The short answer is that if ANYONE has access and permissions to an endpoint (the system you are scping from or scping to), they can see what happens. If they do not have access to either endpoint, they likely won't have access to or be able to decipher what you're doing (apart from potentially knowing the application by protocol numbers).
The answer is ultimately very dependent on your infrastructure. Most likely though, as long as there isn't intense monitoring and SCP isn't considered at threat in the company (which will throw up red flags), your traffic will go by unnoticed. This is especially true for smaller companies.
As @SimonRichter mentioned: if someone can execute a command on your system (ie. admin or others), they can check your process list and see the command line scp -args /filepath/. However this requires that they be either logging all process activity or checking it at the time you are transferring. Additionally, if you are doing it from your own system at work to another system (say at home or elsewhere), they won't necessarily have that visibility.
Additionally, as @alex.forencich mentioned: It is also possible to log all system calls (including file open and read calls) so even if your copying program (scp, sftp, etc.) does not log or leak anything (command line arguments), it is still possible to figure out what files were read or written.

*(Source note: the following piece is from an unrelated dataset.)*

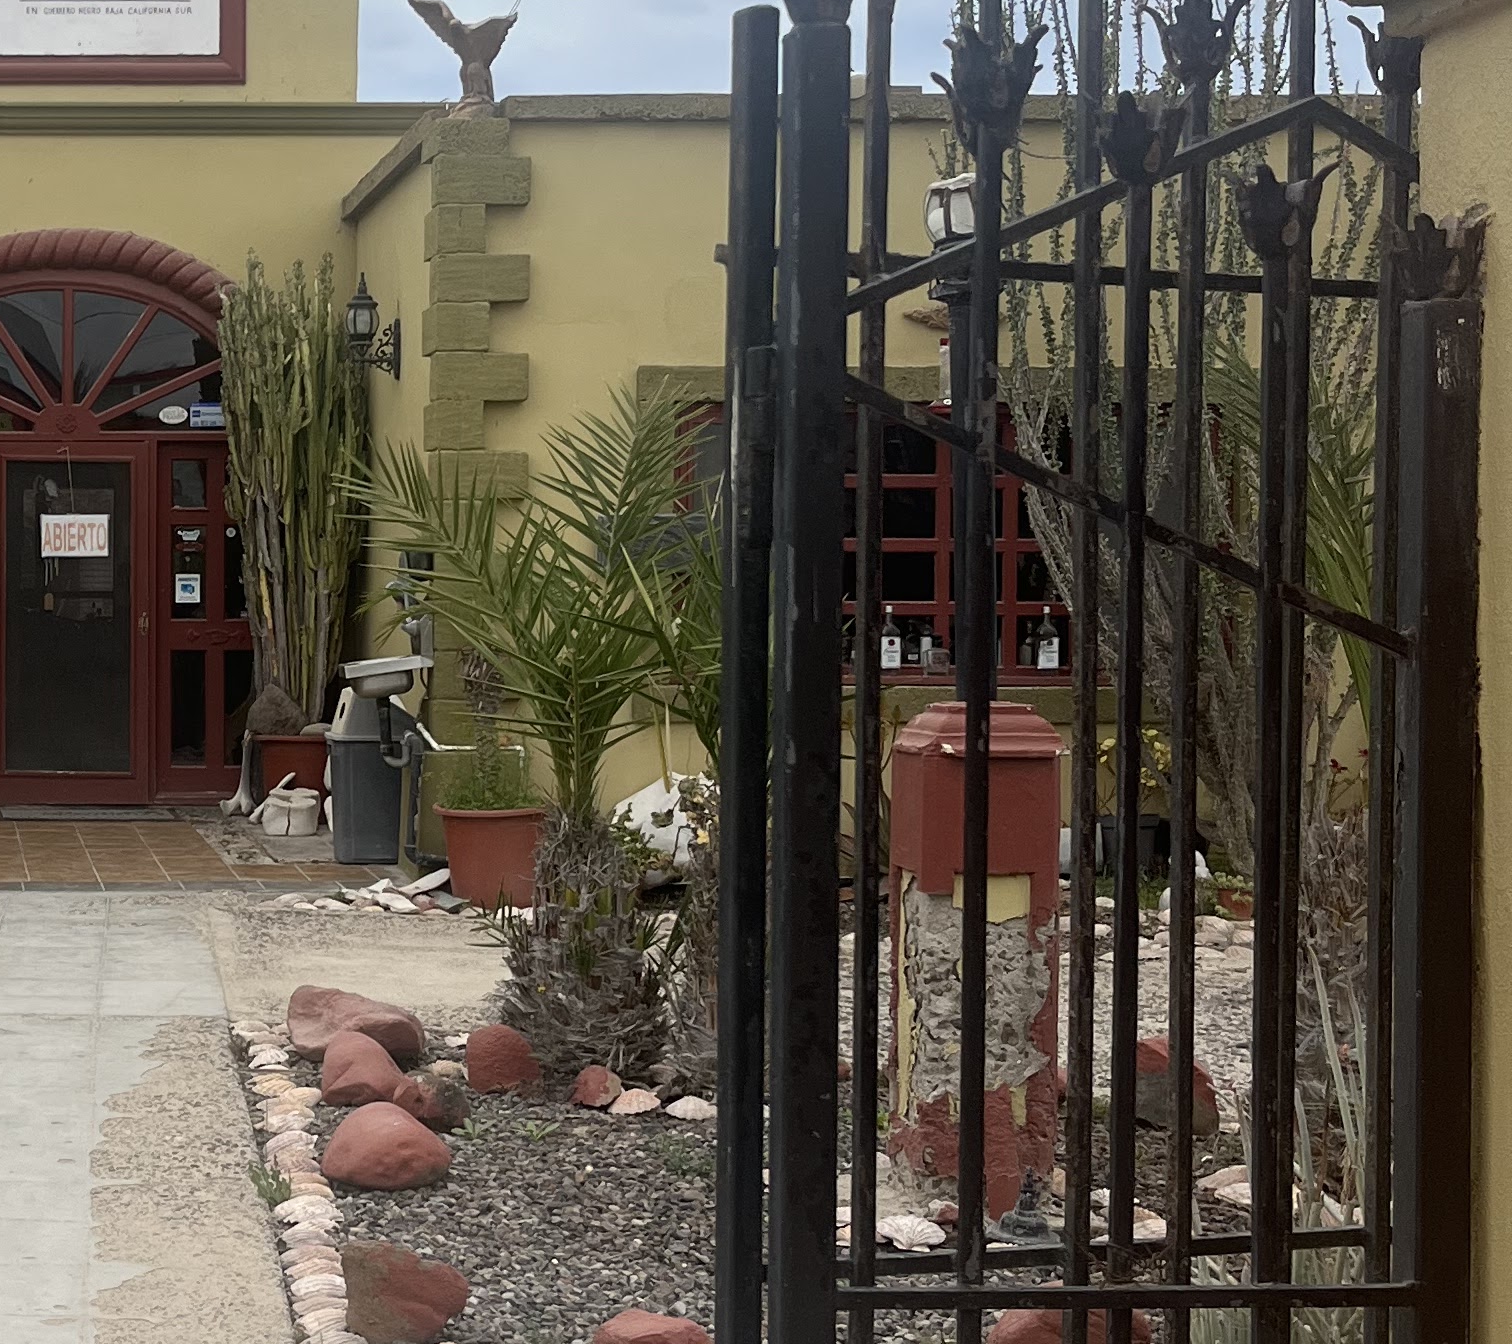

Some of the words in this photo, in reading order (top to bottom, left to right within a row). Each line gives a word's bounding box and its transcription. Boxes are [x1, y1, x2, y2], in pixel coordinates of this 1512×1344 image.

[127, 6, 171, 15] CALIFORNIA
[175, 6, 192, 15] SUR
[42, 522, 107, 552] ABIERTO

See the linux audit system. –
Abraxas
Posted 2016-02-18T05:19:54.193
Reputation: 3 704
It is also possible to log all system calls (including file open and read calls) so even if your copying program (scp, sftp, etc.) does not log or leak anything (command line arguments), it is still possible to figure out what files were read or written. See the linux audit system. – alex.forencich – 2016-02-20T12:06:43.687
Thanks @alex.forencich , I am adding your comment to the answer! – Abraxas – 2016-02-20T18:12:12.850
33
Not just the admin.
For testing, I just copied /bin from my server to a temporary directory on my laptop. ps on the server shows
$ ps 24096
PID TTY STAT TIME COMMAND
24096 ? Ss 0:00 scp -r -f /bin
This information is generally accessible to all users.
Simon Richter
Posted 2016-02-18T05:19:54.193
Reputation: 2 384
6For kernel>=3.2, (re)mounting /proc with option hidepid=2 disables this.. – heemayl – 2016-02-19T16:45:41.297
"This information is generally accessible to all users." Huh, really? All users can see what all other users are doing? I haven't tried it but that seems unlikely to me. Even on Windows you can only see your own processes (unless you're an admin and click on a special admin button). – Lightness Races with Monica – 2016-02-20T18:29:46.453
@PreferenceBean, yes, but that is the default setting. Depending on how the admin has set up the umask setting, other people's home directories may be readable as well by default. – Simon Richter – 2016-02-21T08:55:07.363
Showing information like that about another user like this sounds like a supremely dumb default. – CodesInChaos – 2016-02-21T12:11:47.557
@CodesInChaos, that is an old decision, made for a time where people had to share the computer cooperatively, so it was best if you could easily tell who was hogging the CPU and why, so you could talk to them. These days, no one bothers generally, because very few people actually log in to shared computers. – Simon Richter – 2016-02-21T12:24:09.803
@SimonRichter: I find that extremely hard to believe. Can you provide any evidence for the claim that Linux is open and unsecured by default? – Lightness Races with Monica – 2016-02-21T13:39:09.823
@PreferenceBean, this is a distribution default, not a Linux default (the kernel offers flexibility, hiding other users' processes is a simple setting), but most distributions ship with minimal user isolation (i.e. you can look at, but not modify, what others are doing). My Debian systems had a question during set up whether user home directories should be readable for everyone by default (individual users can change that themselves). For some functions, like the public_html directory that is even necessary.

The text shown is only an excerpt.